- PROBLEM DETAILS
Please retype every record exactly as it appears, omitting the pictures.

- Saved data entries
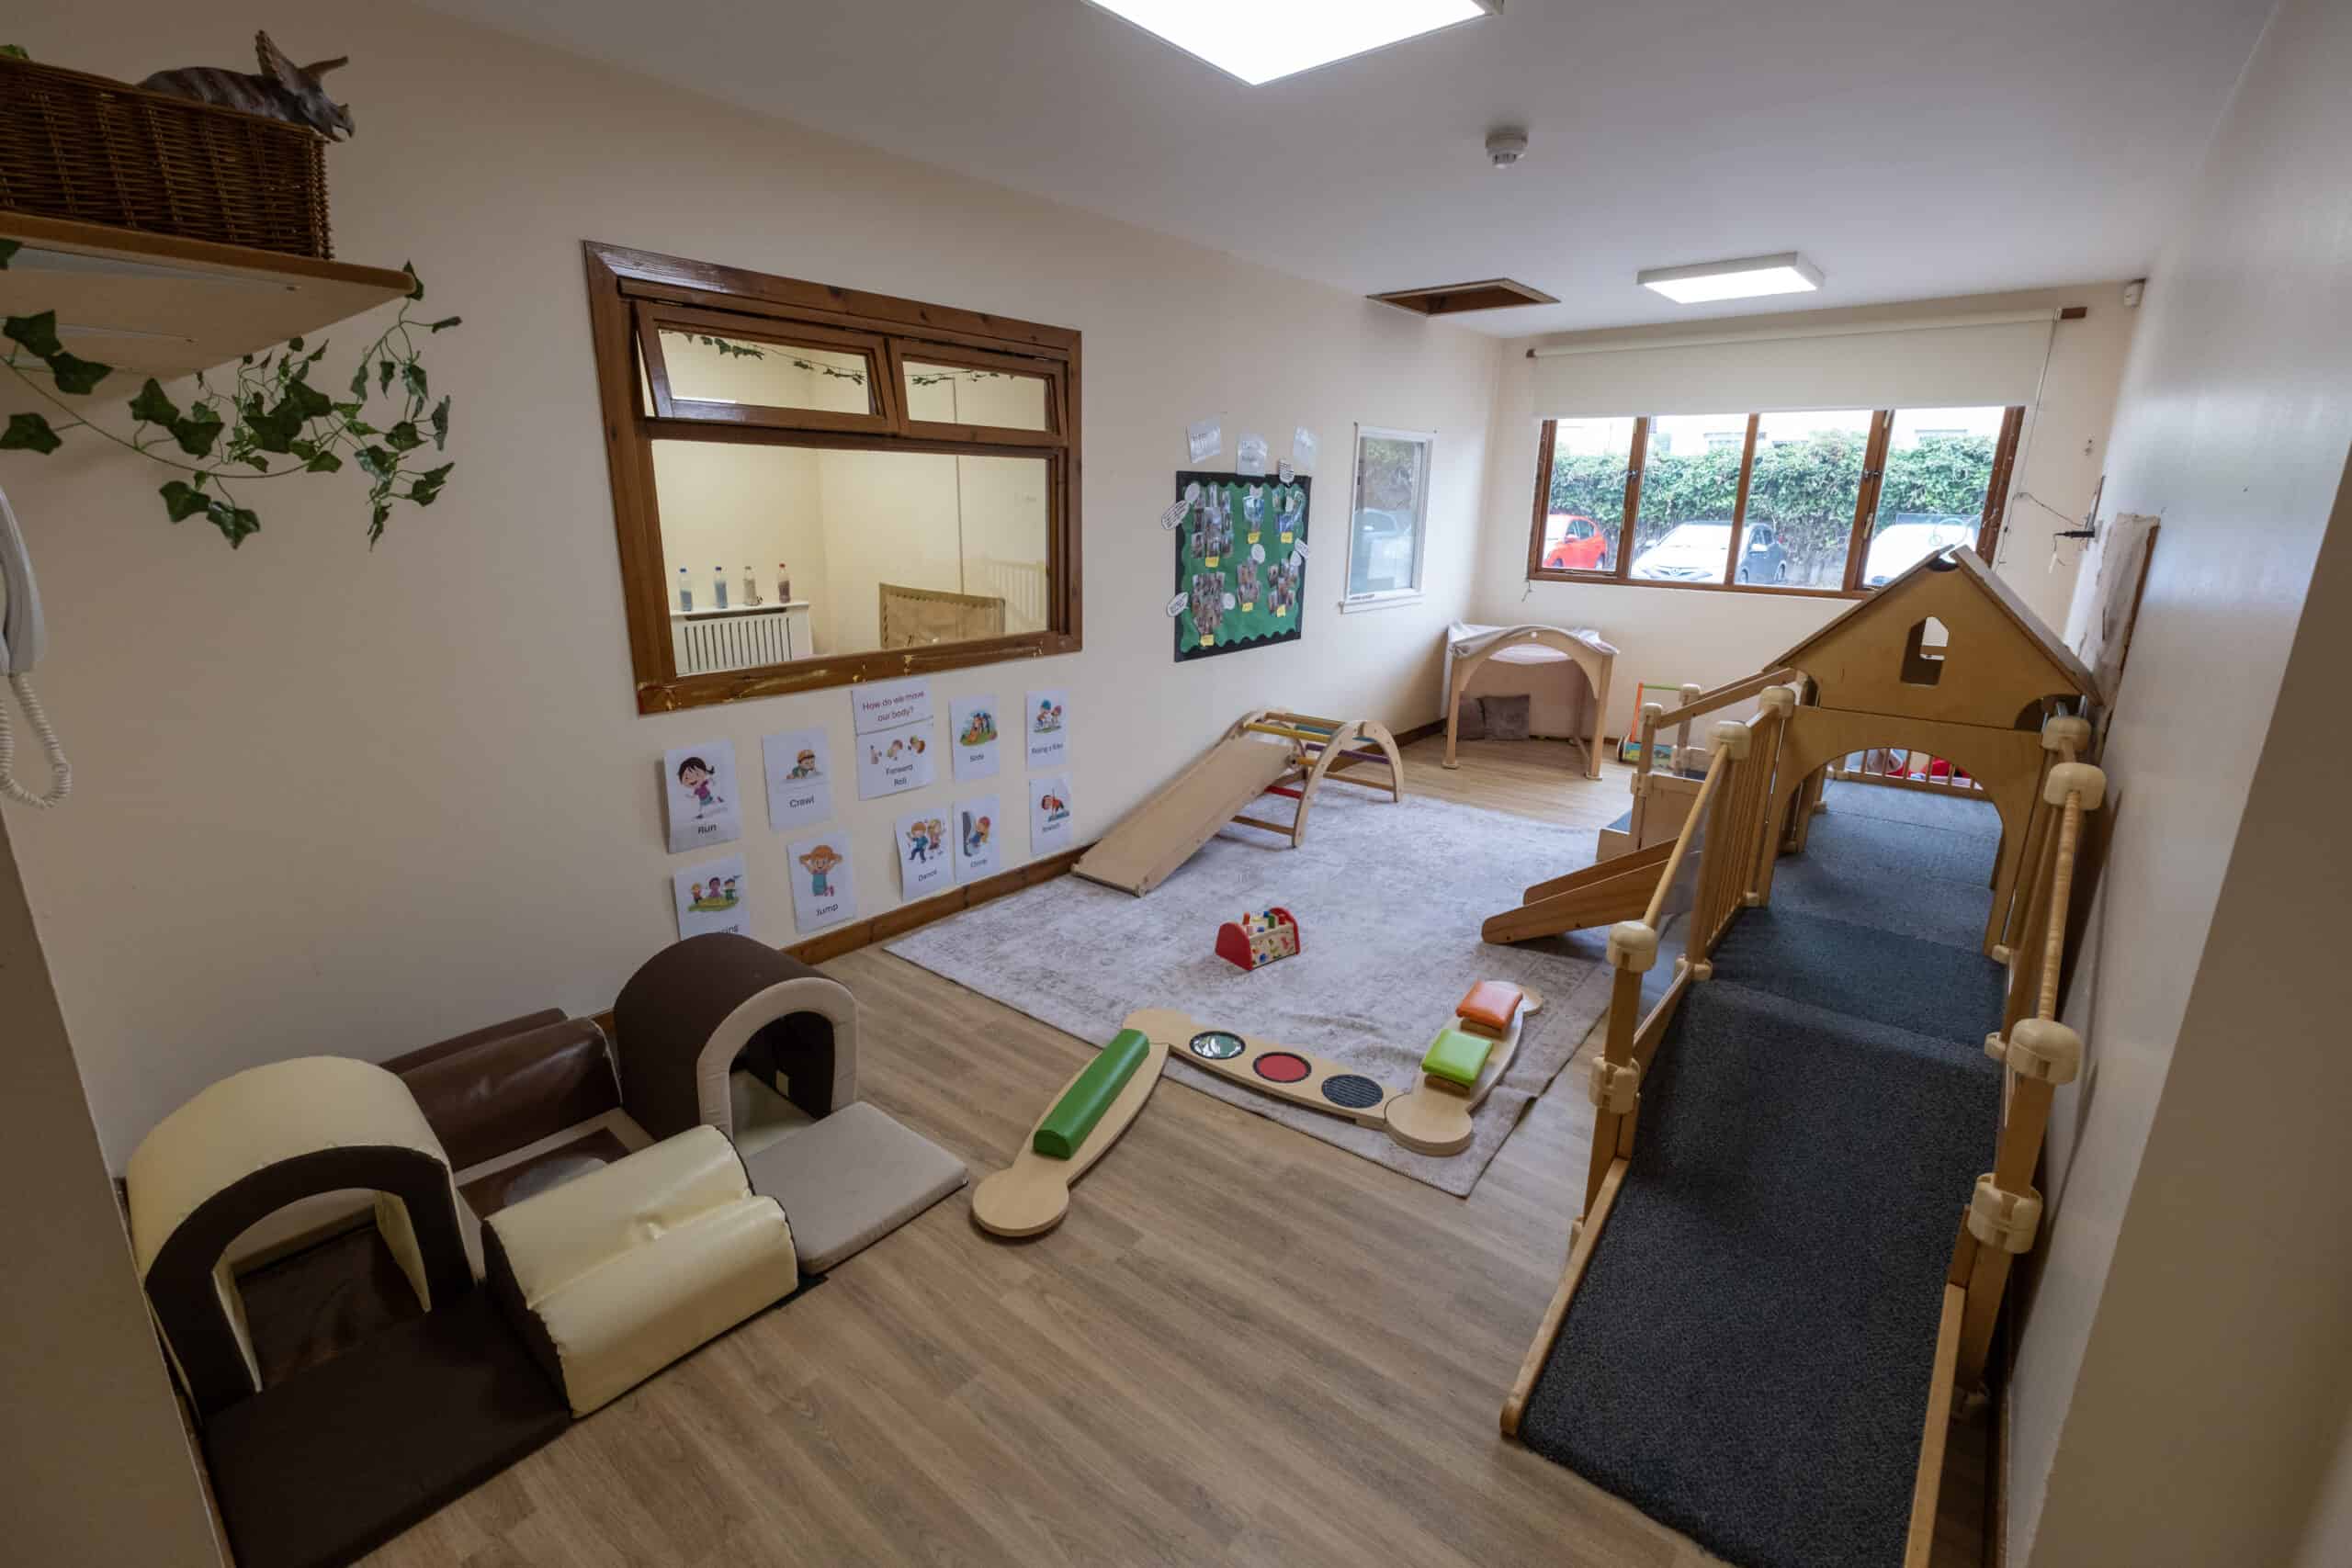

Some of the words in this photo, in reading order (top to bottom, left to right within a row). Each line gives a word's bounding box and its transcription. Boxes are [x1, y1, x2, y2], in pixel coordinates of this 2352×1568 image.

[863, 701, 881, 712] How
[882, 697, 892, 706] do
[893, 695, 904, 705] we
[877, 713, 890, 722] our
[892, 705, 914, 721] body?
[893, 777, 908, 786] Roll
[789, 795, 815, 808] Crawl
[697, 823, 717, 835] Run
[918, 870, 937, 882] Dance
[815, 903, 839, 917] Jump
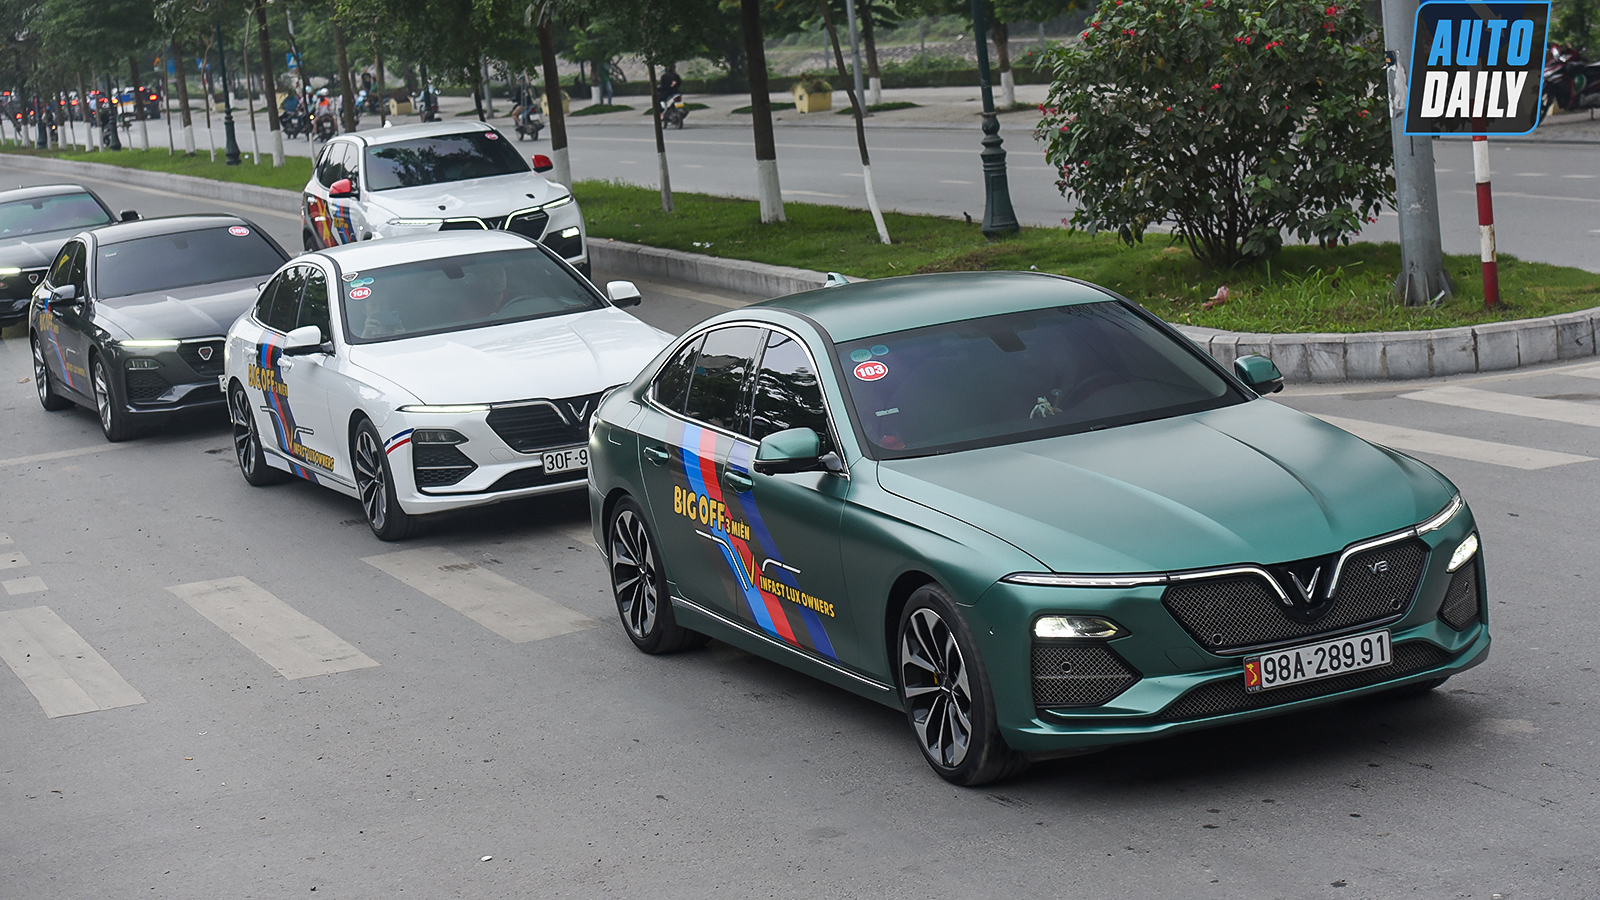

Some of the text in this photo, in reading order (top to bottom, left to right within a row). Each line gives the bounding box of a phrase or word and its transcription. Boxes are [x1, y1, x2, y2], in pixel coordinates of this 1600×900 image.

[352, 289, 369, 297] 104
[248, 364, 261, 390] BIG
[261, 367, 275, 393] OFF
[857, 365, 885, 377] 103
[546, 449, 588, 471] 30F-9
[674, 485, 697, 521] BIG
[698, 495, 726, 531] OFF
[725, 518, 731, 534] 3
[786, 586, 801, 604] LUX
[801, 594, 836, 618] OWNERS
[1263, 634, 1386, 684] 98A-289.91
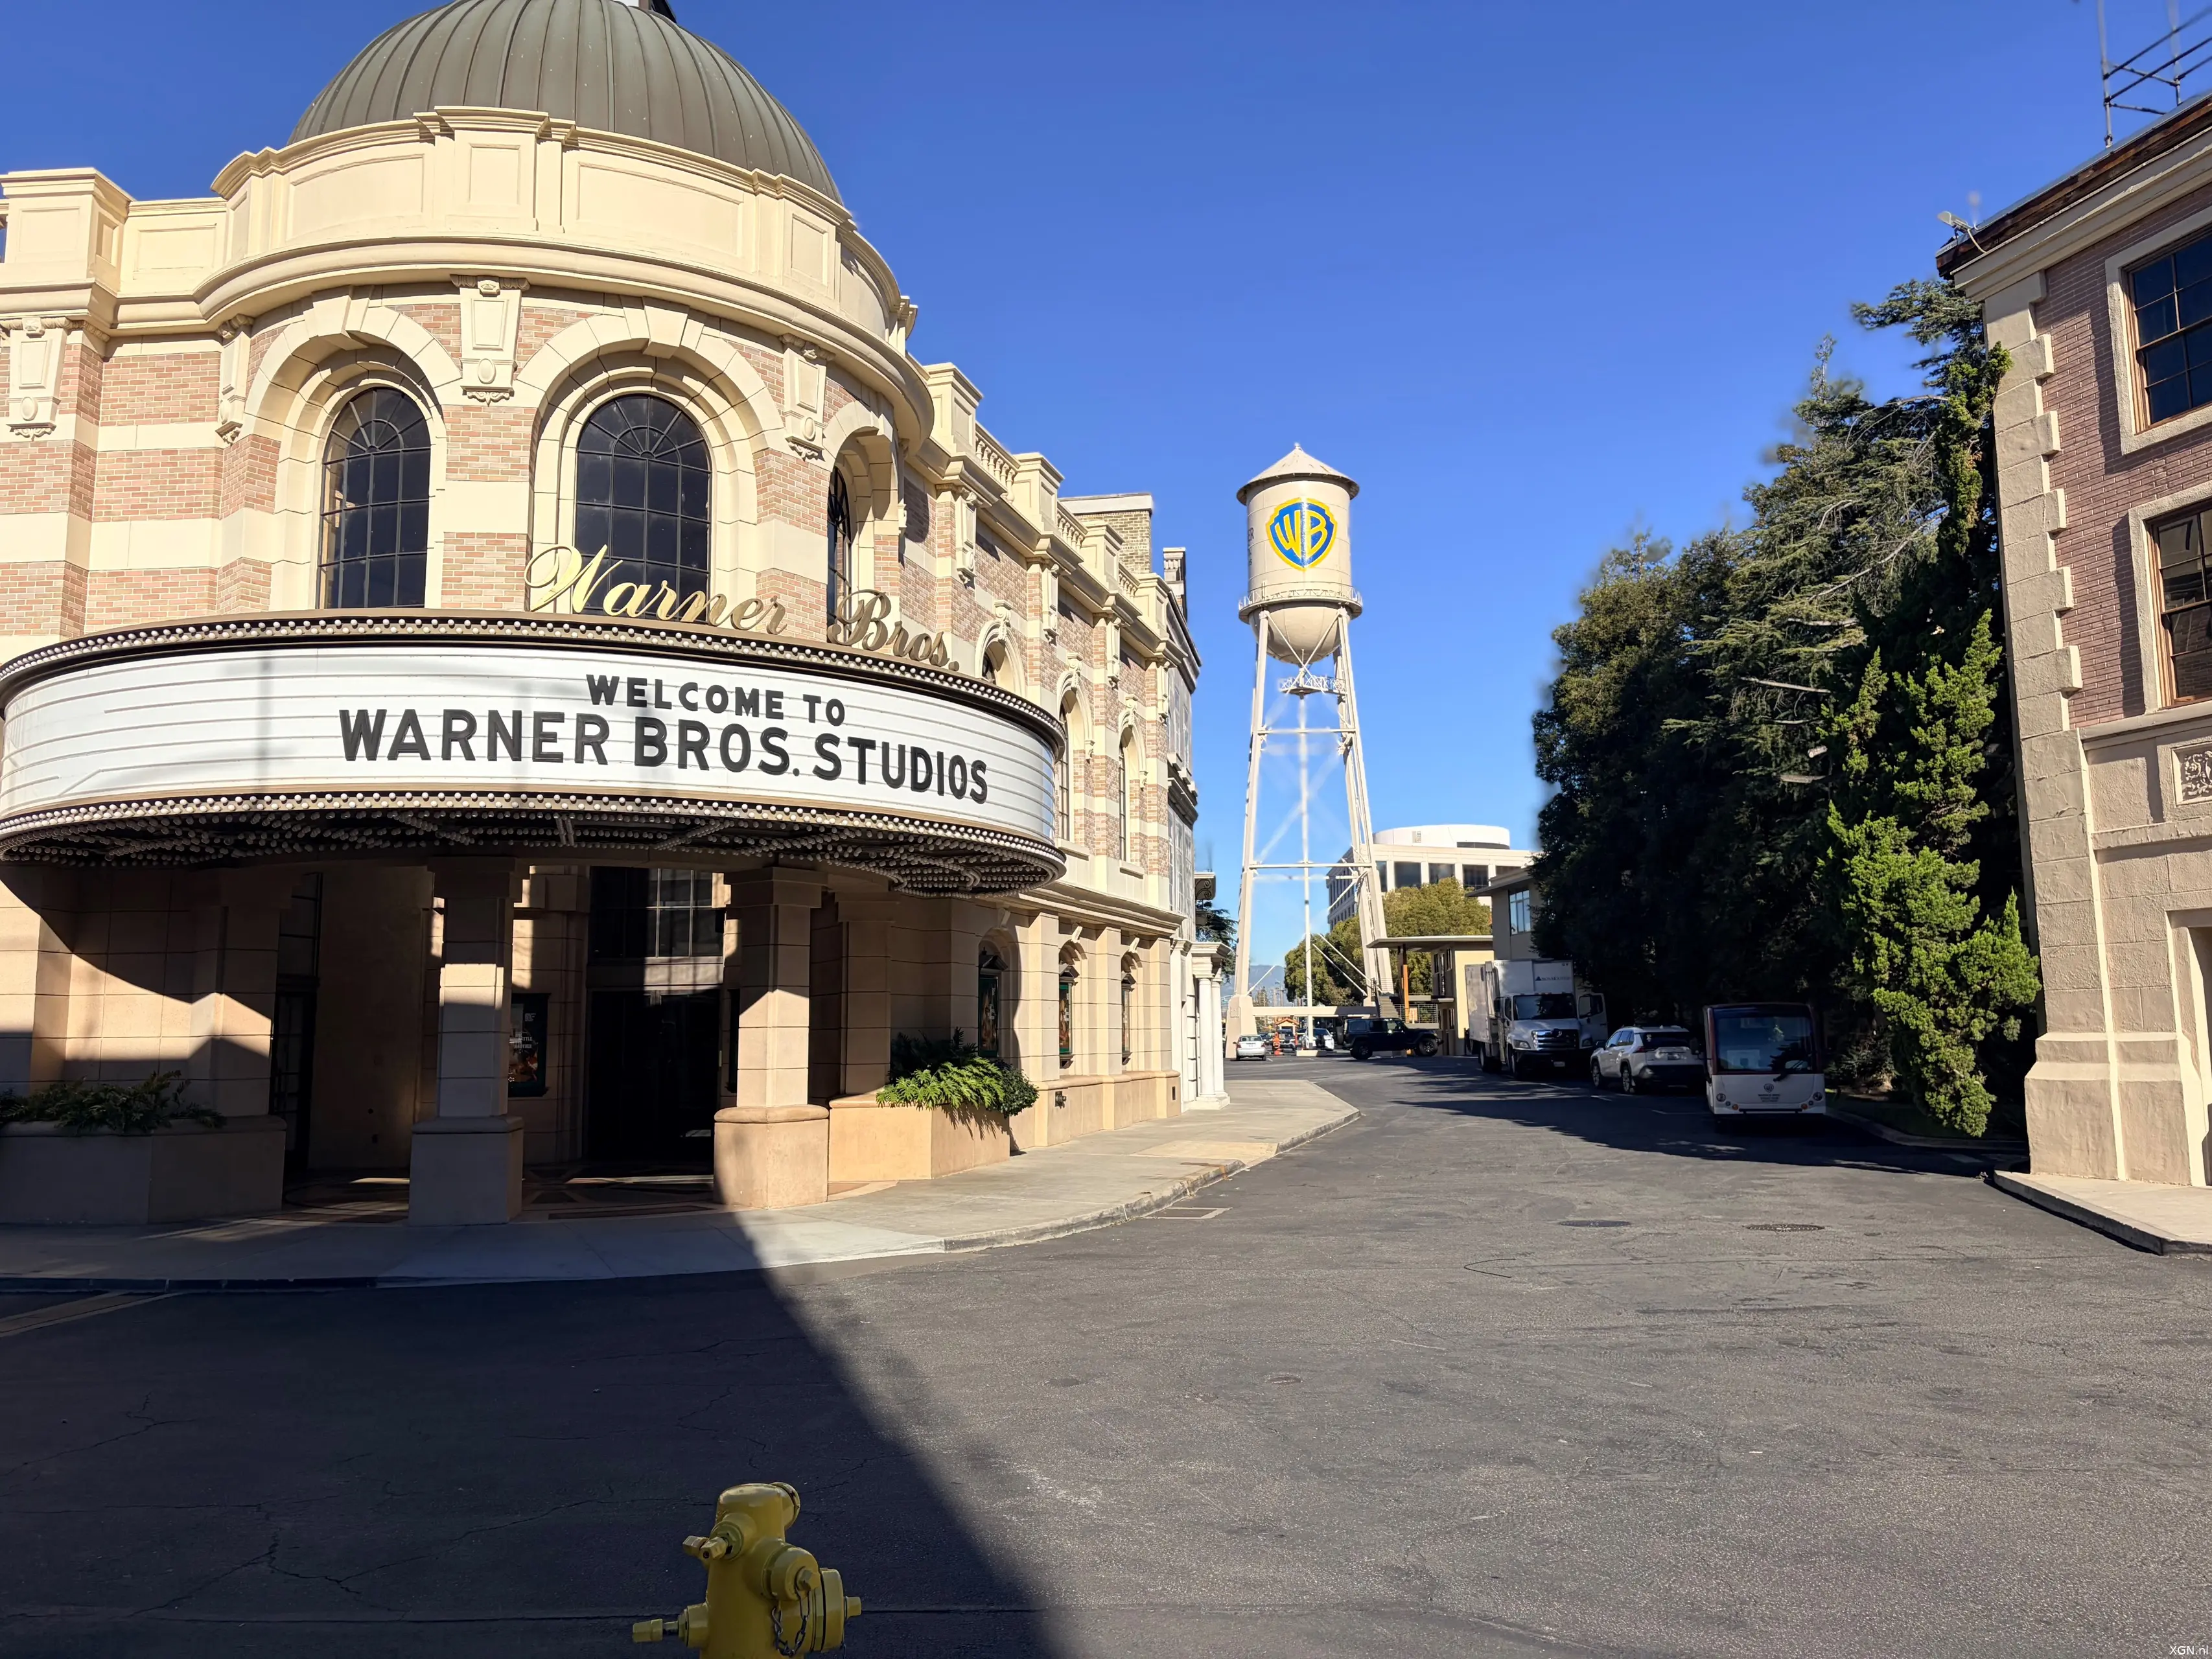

- COMPLETED TASK
Some of the words in this photo, in reading order (top to bottom, left to right within a row). Each line gives a word's bounding box and its transcription. Boxes are [x1, y1, x2, y2], in pixel coordinates of this 2352×1568 image.

[863, 701, 881, 712] How
[882, 697, 892, 706] do
[893, 695, 904, 705] we
[877, 713, 890, 722] our
[892, 705, 914, 721] body?
[893, 777, 908, 786] Roll
[789, 795, 815, 808] Crawl
[697, 823, 717, 835] Run
[918, 870, 937, 882] Dance
[815, 903, 839, 917] Jump

Some of the text in this photo, in reading order (top to bottom, left to right within a row). Each line gives the bounding box of a phrase or word and its transcription. Boxes are [x1, y1, x2, y2], in pixel coordinates of this 1600×900 image.

[352, 289, 369, 297] 104
[248, 364, 261, 390] BIG
[261, 367, 275, 393] OFF
[857, 365, 885, 377] 103
[546, 449, 588, 471] 30F-9
[674, 485, 697, 521] BIG
[698, 495, 726, 531] OFF
[725, 518, 731, 534] 3
[786, 586, 801, 604] LUX
[801, 594, 836, 618] OWNERS
[1263, 634, 1386, 684] 98A-289.91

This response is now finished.